As the bus winds its way along Meadow Lake Road, we're treated to some
grand views of Willamette Valley farms, woodlots, and small towns extending
below us to the east. As we continue up the ridge, pastures and hillside
homes gradually give way to plantations of Douglas-fir, hemlock, and western
redcedar on industrial forest lands.
As we enter publicly-owned forest lands, the texture of the forest begins
to change. We notice more large conifers dispersed among the smaller trees.
Some of the largest Douglas-fir and cedar have dead or flattened tops,
forks, rot cavities, and large limbs in the upper canopy. Our tour leader
asks if we'd like to guess the age of these patriarchs of the forest, many
of which are three to four feet in diameter. Some say 250 years, some 300.
The tour leader responds that most of them are not more than about 160
to 170 years old, having seeded in after the last major wildfire in this
area near 1890. Management treatments applied to the stand and to individual
trees have enabled them to take on some of the appearance and function
of much older trees in a relatively short period of time.
We soon begin to notice that dead trees ("snags") are everywhere a part
of the forest. Many small, dark-colored snags form as the result of natural
competition among younger trees. Very large trees that have died in the
last few years are now tall snags that still have their bark and many limbs;
those that died more than 10 years ago are hard and smooth. Short, thick,
soft brown snags are reminders of the forest that burned near 1890. Some
of the snags have visible cavities, and our tour leader informs us that
woodpeckers and flying squirrels are frequent residents. The forest
floor is littered with logs of all sizes and in various stages of decay.
On top of the older logs are thick mats of moss, red huckleberry, ferns,
and hemlock seedlings.
Multiple canopy layers, multiple species
We turn left and travel south along the crest of the Coast Range on the winding Bald Mountain Access Road. Trees of all sizes line the road, some widely spaced and fast growing, with live crowns beginning almost at the ground, and others in dense clumps with tall, thin trunks and no live limbs for 60 feet or more. Where layers of live limbs are found at several heights in a forest stand, ecologists say the stand has multiple canopy layers, a condition important to some species--such as northern spotted owls--adapted to older forests. Most of the smaller trees appear to be Douglas-fir or hemlock, but we also see cedars, occasionally a bigleaf maple, spruce, white pine, dogwood, or golden chinquapin. Groups of fast-growing red alder take advantage of openings in the tall conifer canopy.

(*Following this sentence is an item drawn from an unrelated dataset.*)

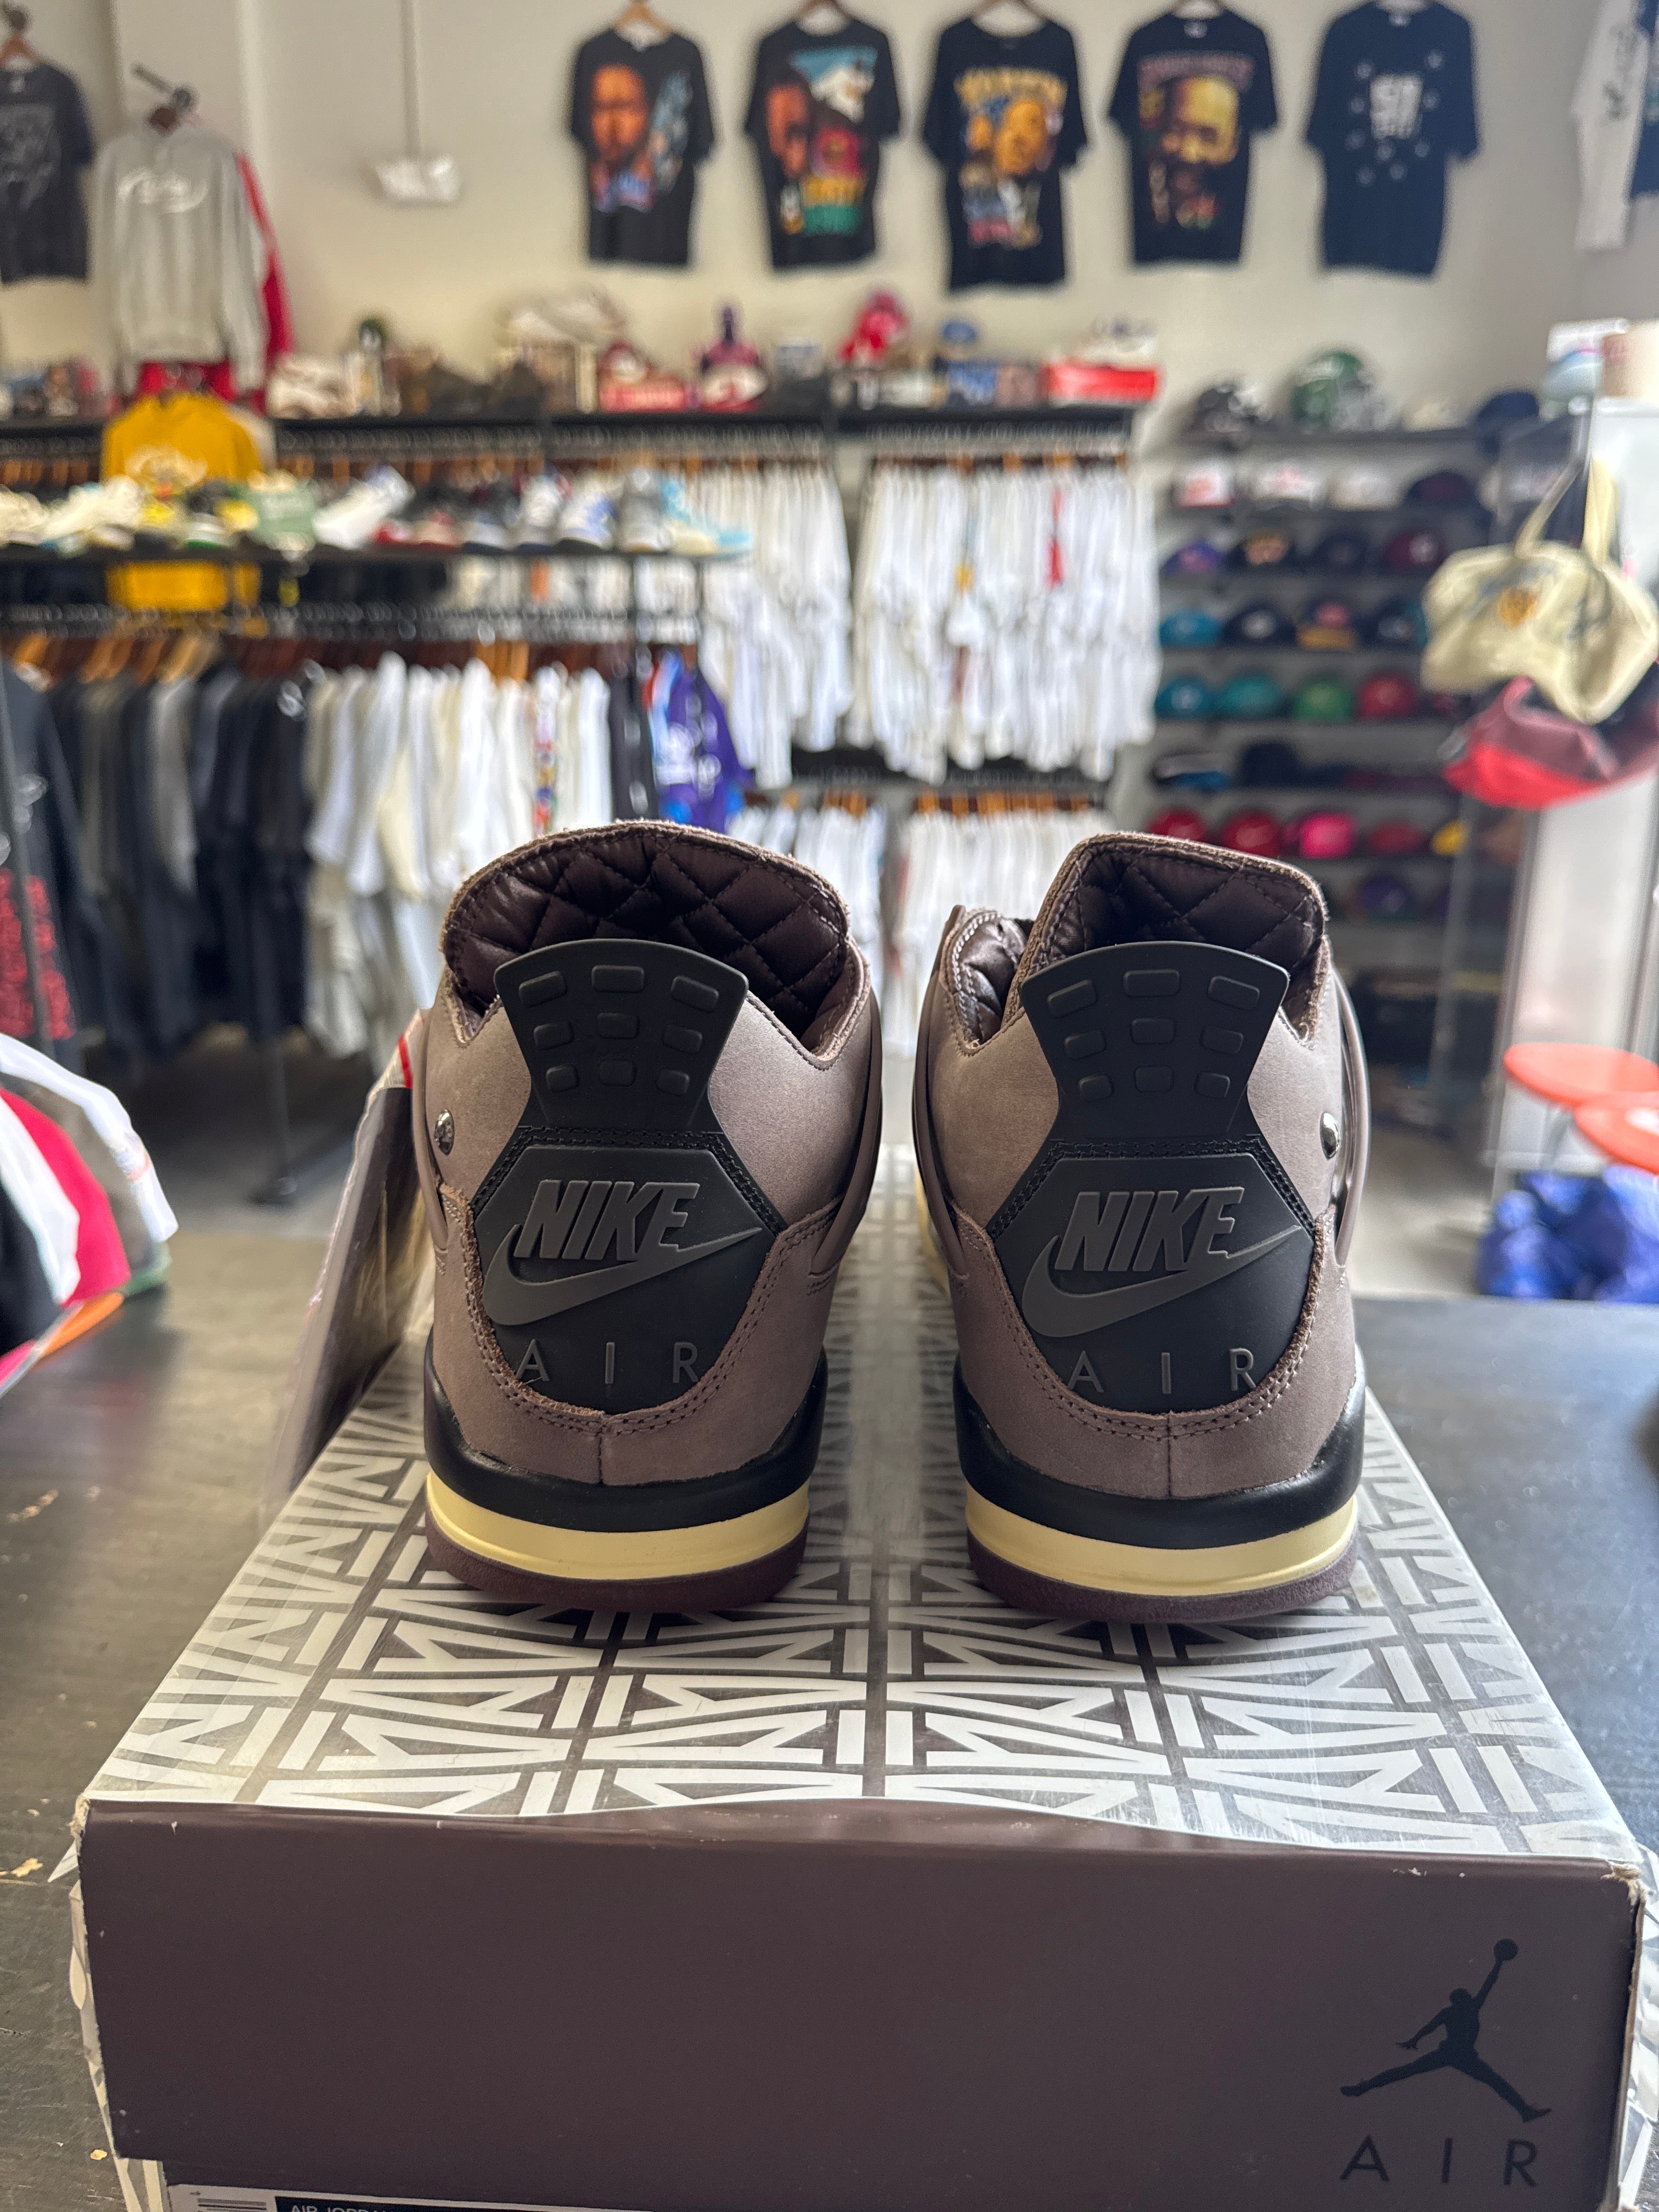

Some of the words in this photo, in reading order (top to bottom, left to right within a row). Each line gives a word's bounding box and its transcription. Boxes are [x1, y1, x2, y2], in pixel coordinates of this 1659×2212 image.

A half-mile down the road, the forest takes on a different appearance.
The stand here is a mixture of Douglas-fir and hemlock, almost all three
feet or more in diameter. In this part of the forest, there are few gaps
between the tall crowns; in fact, the branches seem almost to meet above
the road. The result is a forest floor with little cover of shrubs, herbaceous
vegetation, or understory trees. Our tour guide explains that this variation
is an example of the horizontal diversity typical of late-successional
forests. Density, structure, and species composition vary considerably
from place to place.
Diversity of shrubs and herbaceous plants
Occasional breaks in the forest give us glimpses of the Willamette Valley
floor to the east, and beyond, the snow-capped Cascade Range summits of
Mount St. Helens, Mount Adams, and Mount Hood. We take a break from road
travel and walk through the forest on a narrow trail. Beneath areas with
a dense canopy, few understory plants are growing, but in gaps and where
the trees are more widely spaced, many kinds of shrubs crowd the slopes:
vine maple, salal, Oregon grape, rhododendron, sword fern, and huckleberry.
Among and between the shrubs are trailing stems of twinflower and dewberry,
thick dark leaves of princes-pine and pyrola, small white blooms of starflower,
showy white trillium petals, and carpets of queens-cup lily.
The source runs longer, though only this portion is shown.